Provide, Consume and Facilitate

Provide

Notifications & Alerts

Provide, Consume and Facilitate

Provide

Security

Provide, Consume and Facilitate

Provide

Storage

Provide, Consume and Facilitate - Buffering

Provide

* as filled out by each project independently






Foglamp and EdgeX Foundry have significant functional overlap.  Both can trace origins to a common reference architecture and both are largely attempting to serve many of the same IoT/edge use cases.  There are technical differences in the two platforms (use in primary programming language and reference implementation persistent store for examples), but these were not explored in detail during the sub-group’s review.  It should be a comfort to both projects (and the LF Edge community) that two independent efforts solving some of the same edge needs arrived at implementations that have so much in common.  In fact, of the functional differences between the platforms, many could be described as design choices that could be equally implemented in the alternate platform if given focus and a common use case (examples: deployment or local analytics and actuation).

Functional Commonalities

  • Both contain a set of services that provide “south” (sensor, devices, things) and “north” (cloud, applications, enterprise systems, on-prem solutions, etc.) side connectors. South connectors connect the physical sensor to the platform via the protocol of the sensor and convey the sensor data to a nominal platform data schema for persistence.  North connectors connect the platform to TCP/IP IT environments, applications or tools in a manner requested by the receiver.
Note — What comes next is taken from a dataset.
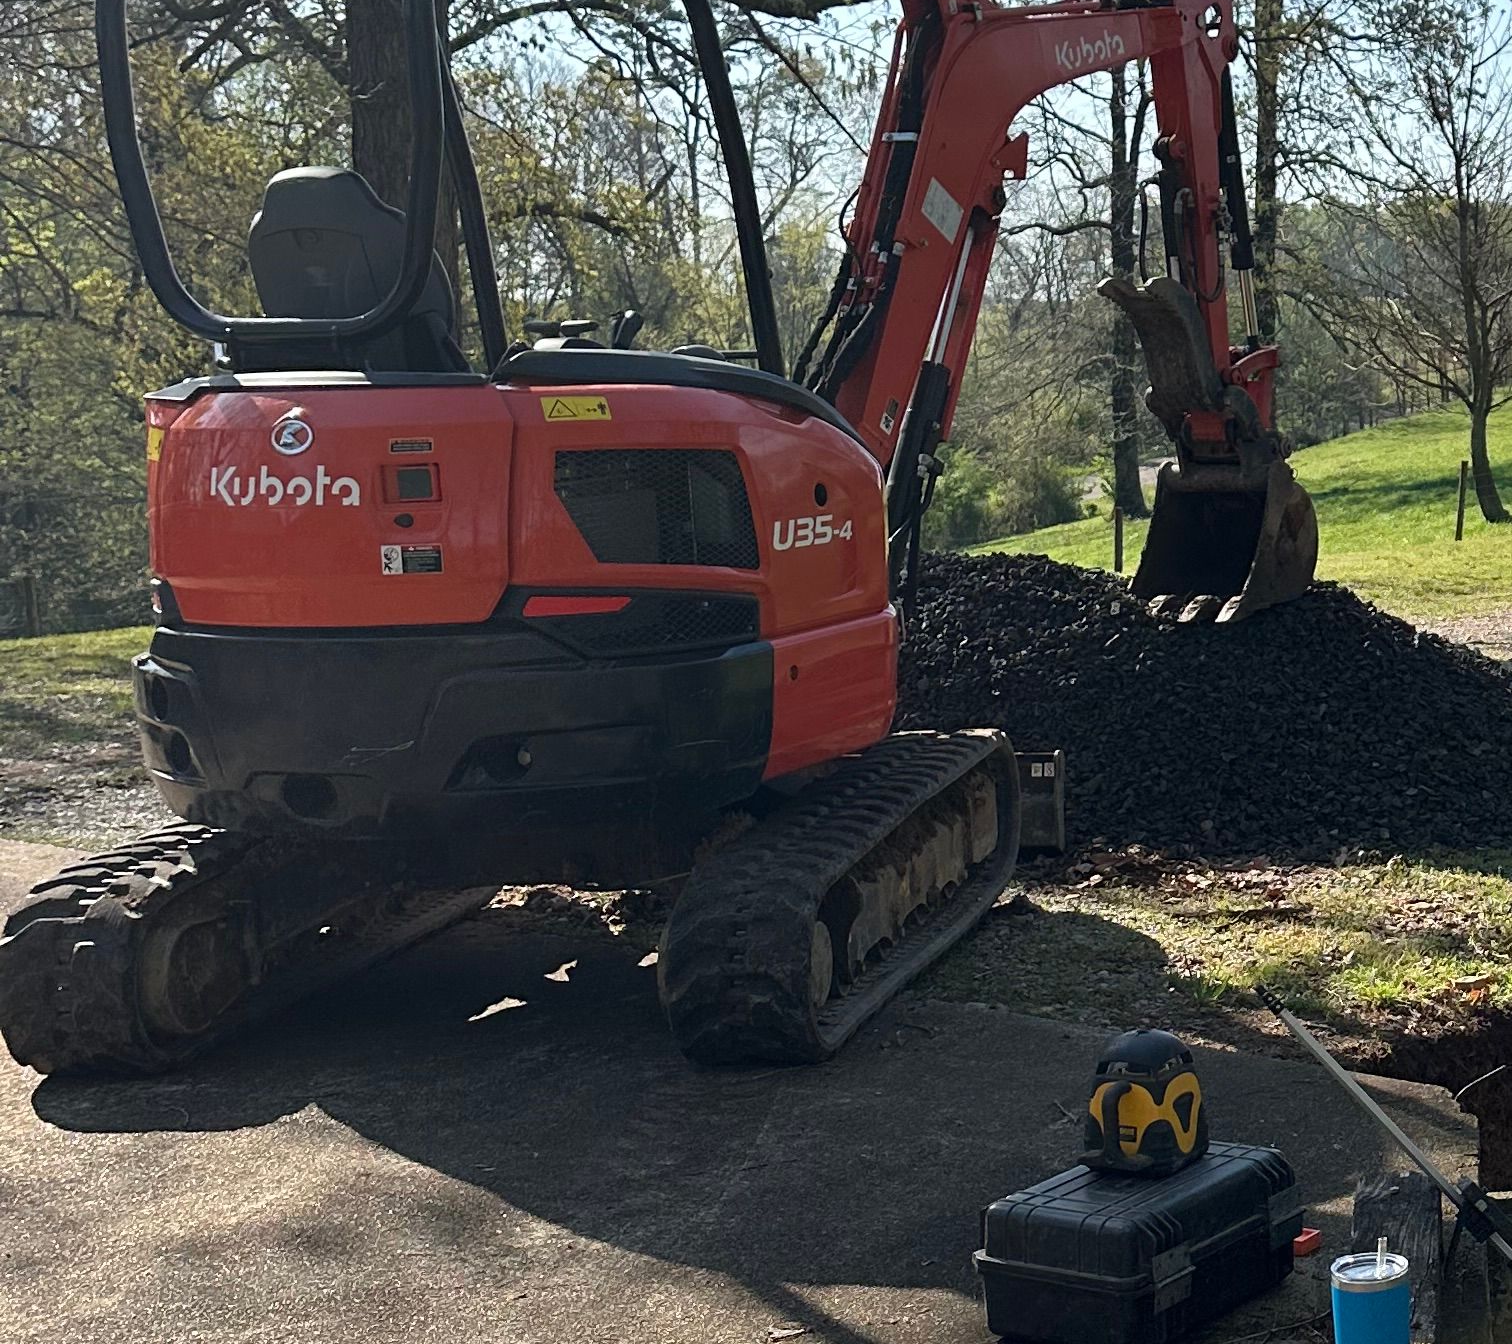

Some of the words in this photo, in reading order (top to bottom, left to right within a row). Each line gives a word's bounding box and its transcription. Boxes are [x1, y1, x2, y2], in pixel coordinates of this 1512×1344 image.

  • Both contain a central set of services that persist sensor collected data locally and offer metadata about the connected things and environment.

  • Generally speaking, both Foglamp and EdgeX are dual transformation engines – converting IoT protocol data (Modbus, OPC-UA, etc.) to an internal platform representation and then transforming the data a second time (filtering, formatting, compressing, etc.) to deliver it to the doorstep of consuming systems, and applications.

  • Both provide a scheduling service to initiate activities within the platform.

  • Both platforms allow one instance of the platform to input to another instance of the platform (stacking instances).

  • Both offer a notification service for alerting external parties/systems of an event via alternate delivery mechanisms (email, SMS, etc.).

  • Both projects are microservice based – this is a comment on architecture and design versus functionality, but it does mean both projects support the idea of replacement components to provide 3rd party value adds and extensions (potentially even proprietary ones).

  • Both offer REST API around each service – again, while this is a technical implementation detail, it provides users of either platform an easy to use means to query, monitor, configure, etc. the services that are part of the platform.

Functional Differences

  • Foglamp targets Linux distributions. EdgeX is platform (hardware and OS) independent.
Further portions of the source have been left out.